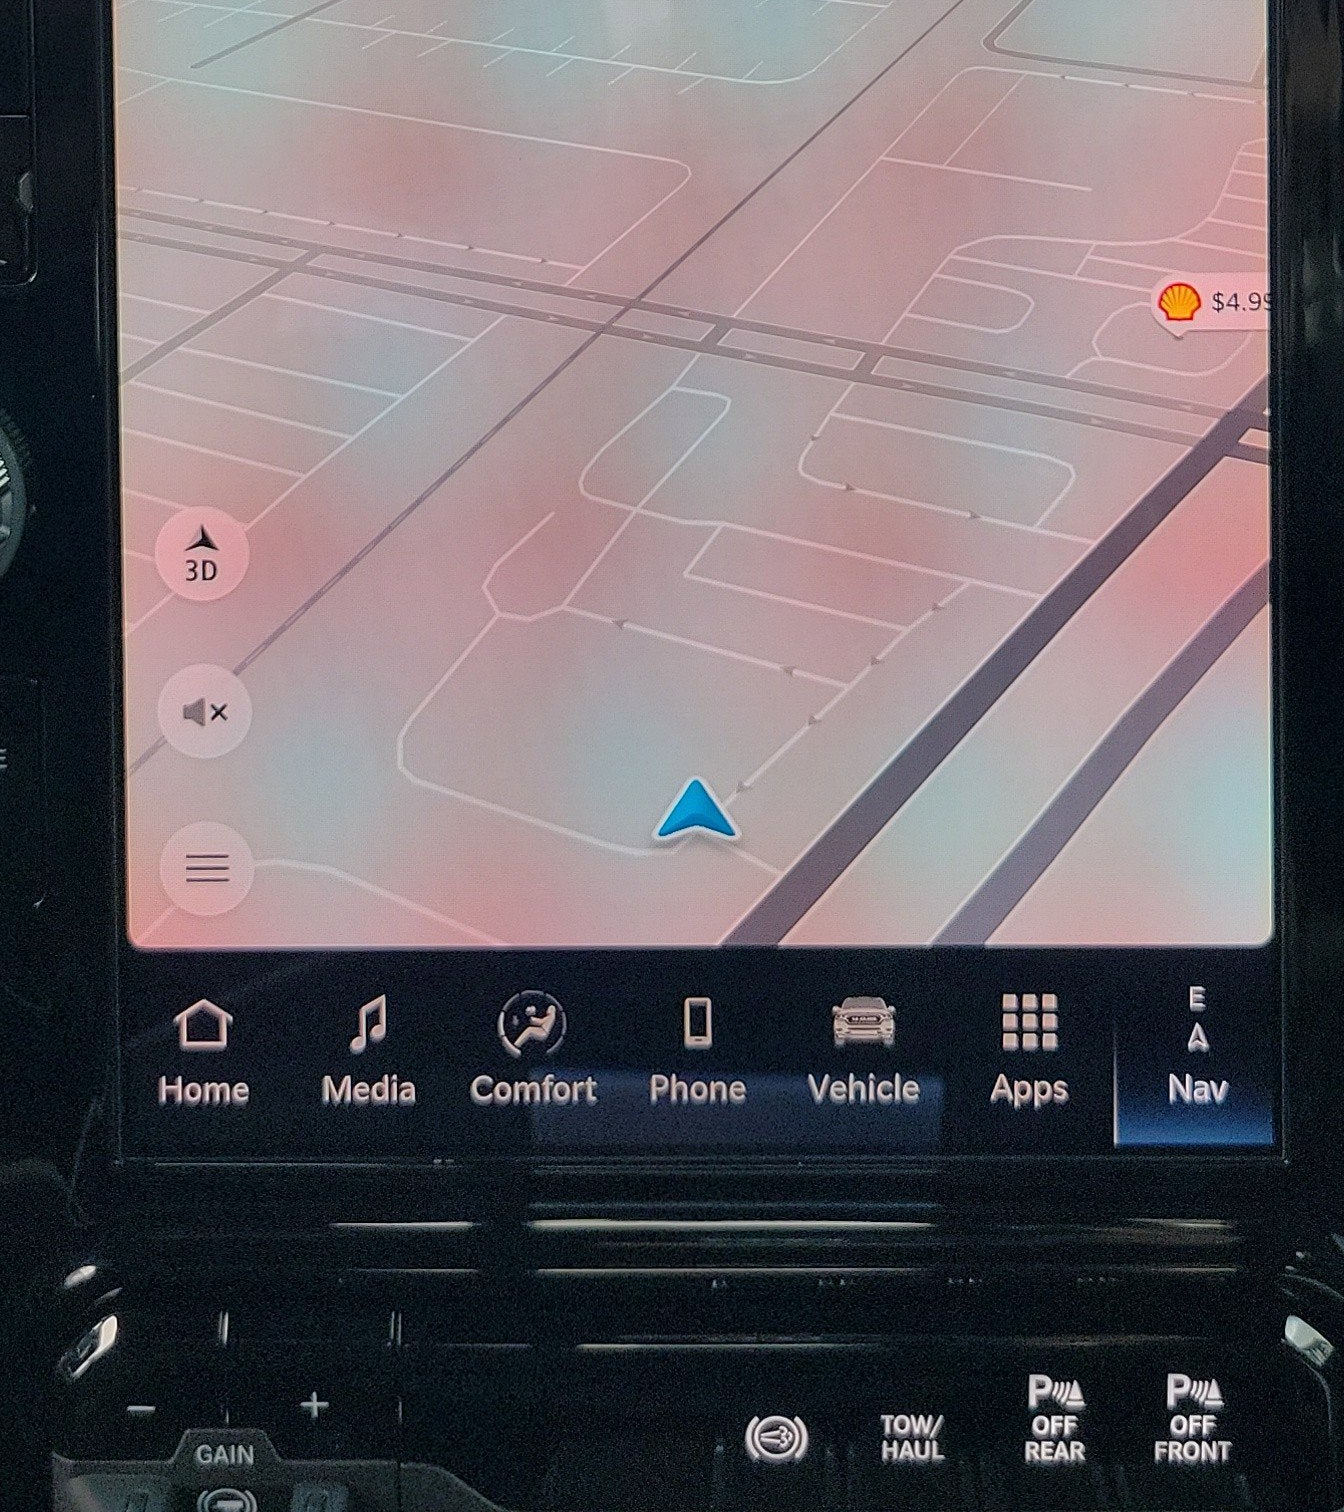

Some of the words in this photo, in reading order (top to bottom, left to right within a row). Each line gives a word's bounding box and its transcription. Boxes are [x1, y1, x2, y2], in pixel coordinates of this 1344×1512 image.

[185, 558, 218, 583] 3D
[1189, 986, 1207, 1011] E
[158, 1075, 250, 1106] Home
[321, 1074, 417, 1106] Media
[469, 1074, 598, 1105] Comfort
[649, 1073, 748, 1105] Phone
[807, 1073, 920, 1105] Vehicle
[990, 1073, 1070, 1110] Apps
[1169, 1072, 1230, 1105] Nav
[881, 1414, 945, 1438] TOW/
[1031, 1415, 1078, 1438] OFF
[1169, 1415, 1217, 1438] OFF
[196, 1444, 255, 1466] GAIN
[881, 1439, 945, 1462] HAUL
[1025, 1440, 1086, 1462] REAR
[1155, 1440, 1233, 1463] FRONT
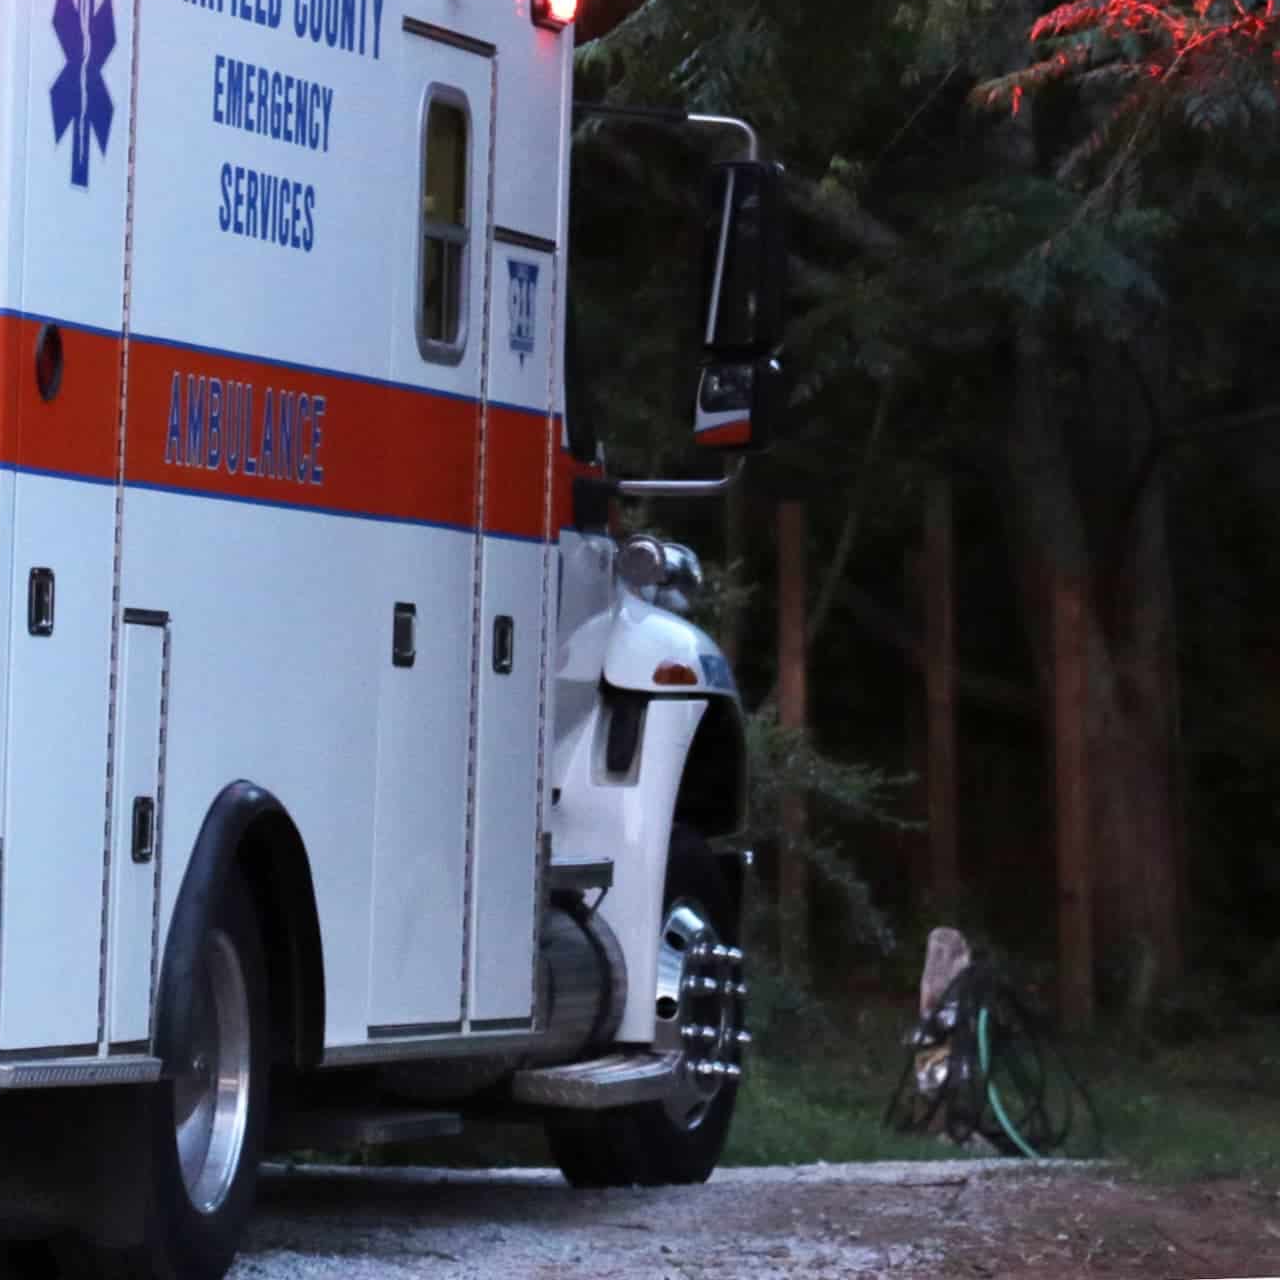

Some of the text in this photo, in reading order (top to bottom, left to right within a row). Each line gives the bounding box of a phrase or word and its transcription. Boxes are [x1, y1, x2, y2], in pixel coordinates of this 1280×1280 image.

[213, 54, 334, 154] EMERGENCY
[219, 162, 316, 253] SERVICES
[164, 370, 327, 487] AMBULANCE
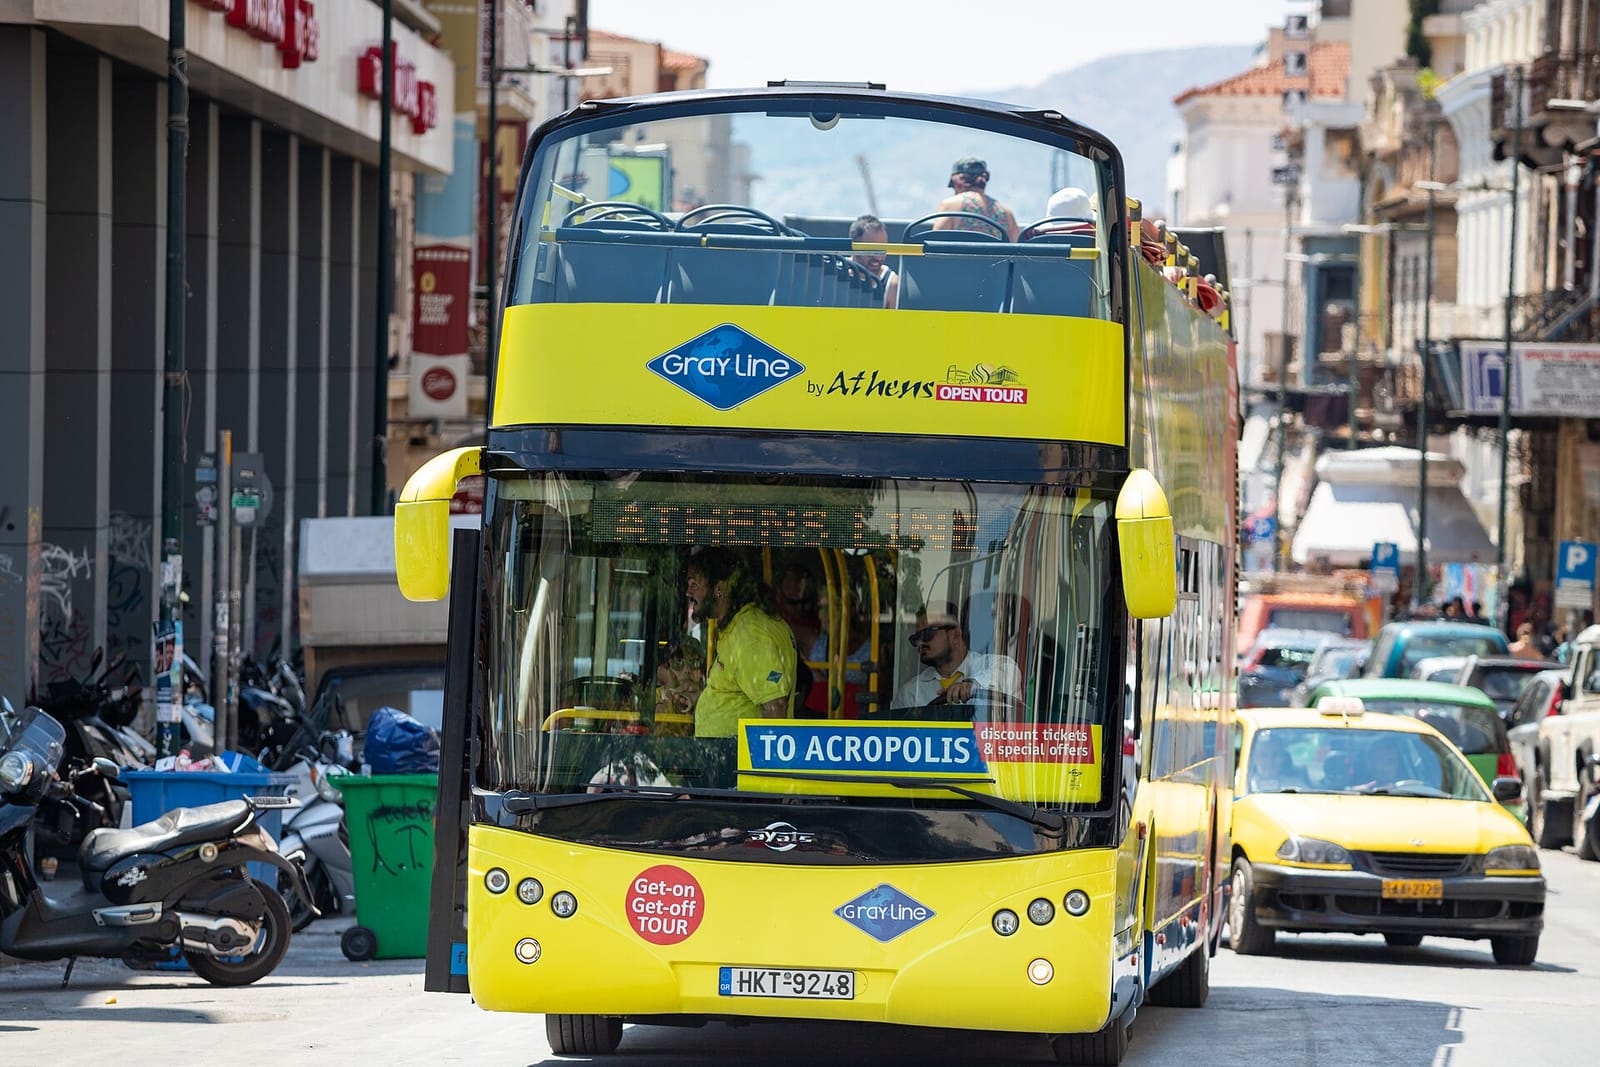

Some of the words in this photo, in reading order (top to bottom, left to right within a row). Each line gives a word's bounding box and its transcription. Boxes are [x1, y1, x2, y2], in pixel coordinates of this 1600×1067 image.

+-------+

## [WHAT THIS TASK INVOLVES]
The entries above are to be restated verbatim, with no pictures carried over.

## [SOLUTION TO THIS EXERCISE]
Some of the words in this photo, in reading order (top to bottom, left to right within a row). Each line gives a word's bounding box and its transcription. Boxes are [x1, y1, x2, y2], in pixel coordinates of this 1344×1512 image.

[185, 558, 218, 583] 3D
[1189, 986, 1207, 1011] E
[158, 1075, 250, 1106] Home
[321, 1074, 417, 1106] Media
[469, 1074, 598, 1105] Comfort
[649, 1073, 748, 1105] Phone
[807, 1073, 920, 1105] Vehicle
[990, 1073, 1070, 1110] Apps
[1169, 1072, 1230, 1105] Nav
[881, 1414, 945, 1438] TOW/
[1031, 1415, 1078, 1438] OFF
[1169, 1415, 1217, 1438] OFF
[196, 1444, 255, 1466] GAIN
[881, 1439, 945, 1462] HAUL
[1025, 1440, 1086, 1462] REAR
[1155, 1440, 1233, 1463] FRONT

Some of the text in this photo, in reading order (top to bottom, left to right within a row). Each line gives the bounding box of a phrase or word and its transcription. Boxes are [x1, y1, x2, y2], in pixel coordinates of this 1280×1280 image.

[213, 54, 334, 154] EMERGENCY
[219, 162, 316, 253] SERVICES
[164, 370, 327, 487] AMBULANCE

Some of the words in this photo, in reading order (top to bottom, left to right within a row). Each line gives a word's bounding box and its transcription. Boxes are [x1, y1, x2, y2], in pixel coordinates of this 1600×1067 image.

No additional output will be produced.